● **Instructions to follow**: Give the entries again exactly as they appear, but without the images.

(Text-to-region grounding data)

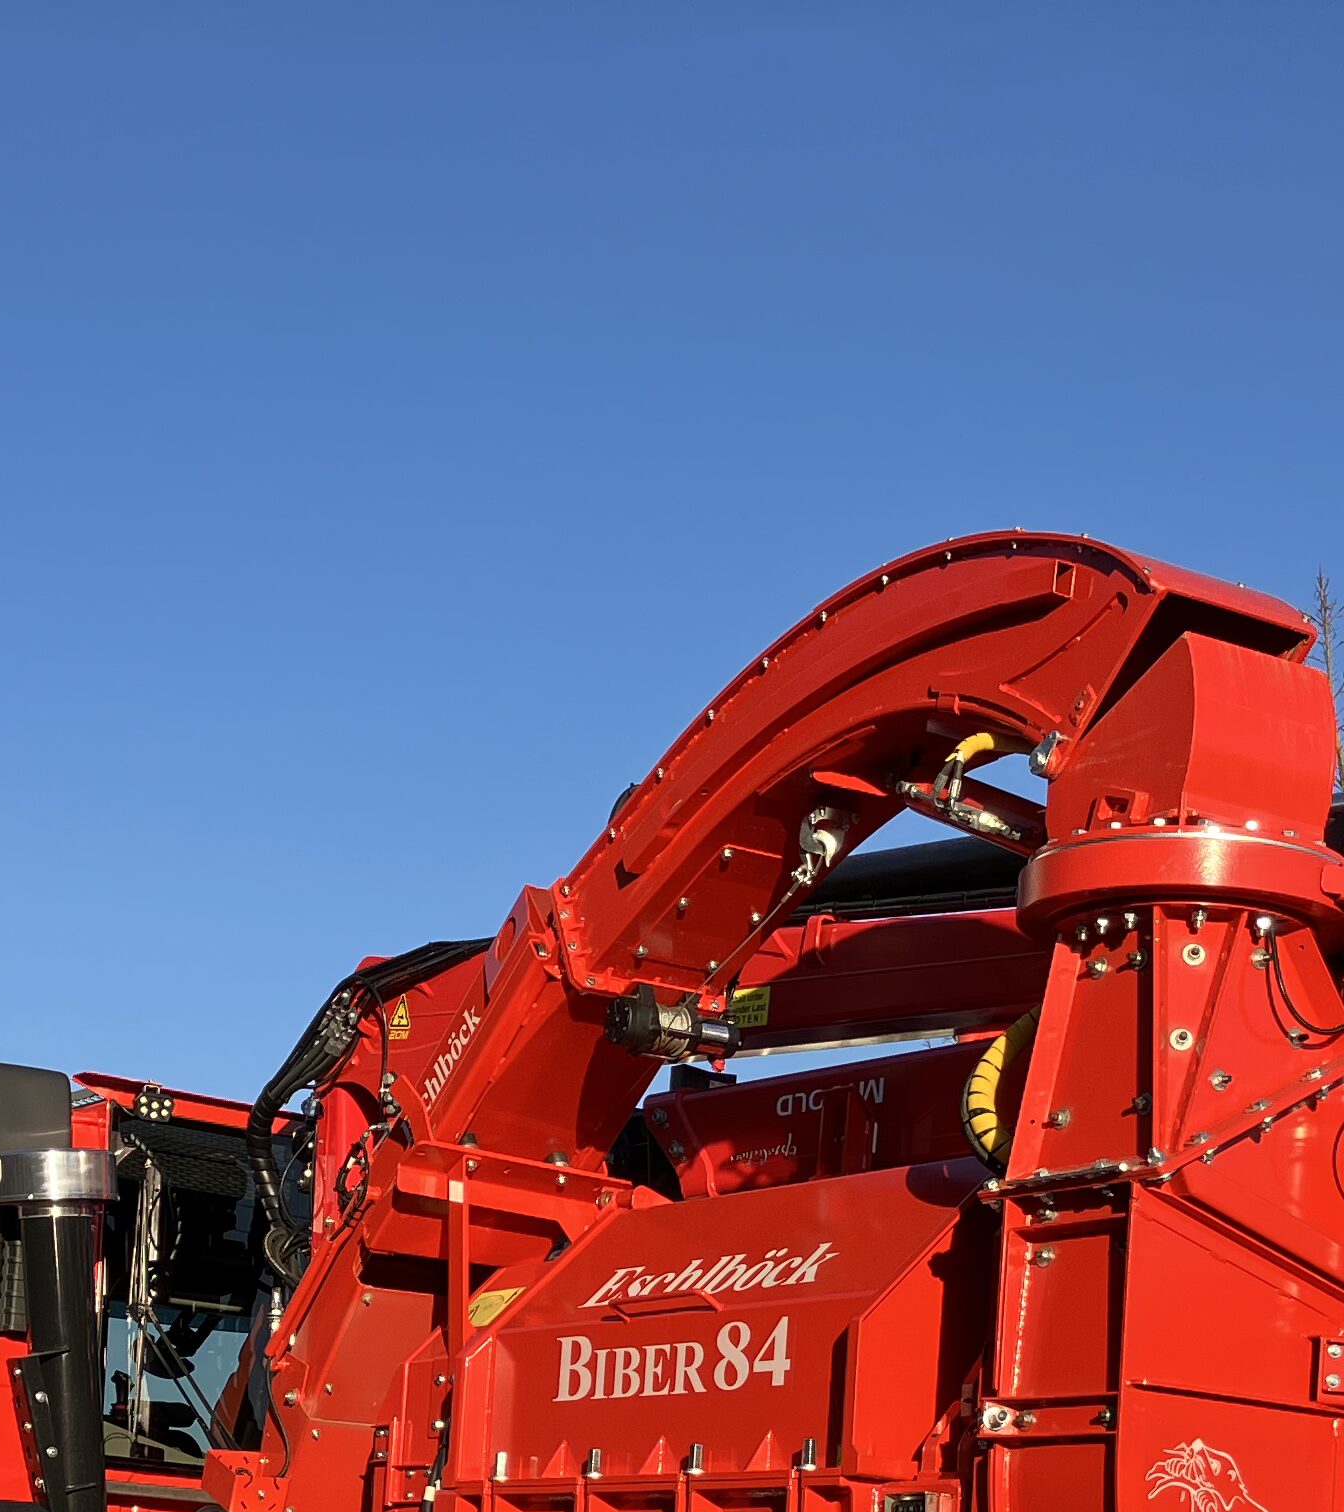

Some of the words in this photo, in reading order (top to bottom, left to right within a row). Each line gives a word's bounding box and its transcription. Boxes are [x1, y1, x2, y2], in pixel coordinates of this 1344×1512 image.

[421, 1005, 482, 1113] chlböck
[577, 1242, 840, 1309] Eschlböck
[552, 1335, 707, 1402] BIBER
[713, 1316, 791, 1391] 84

● **Result of this exercise**:
Some of the words in this photo, in reading order (top to bottom, left to right within a row). Each line gives a word's bounding box and its transcription. Boxes are [x1, y1, x2, y2], in pixel coordinates of this 1344×1512 image.

[421, 1005, 482, 1113] chlböck
[577, 1242, 840, 1309] Eschlböck
[552, 1335, 707, 1402] BIBER
[713, 1316, 791, 1391] 84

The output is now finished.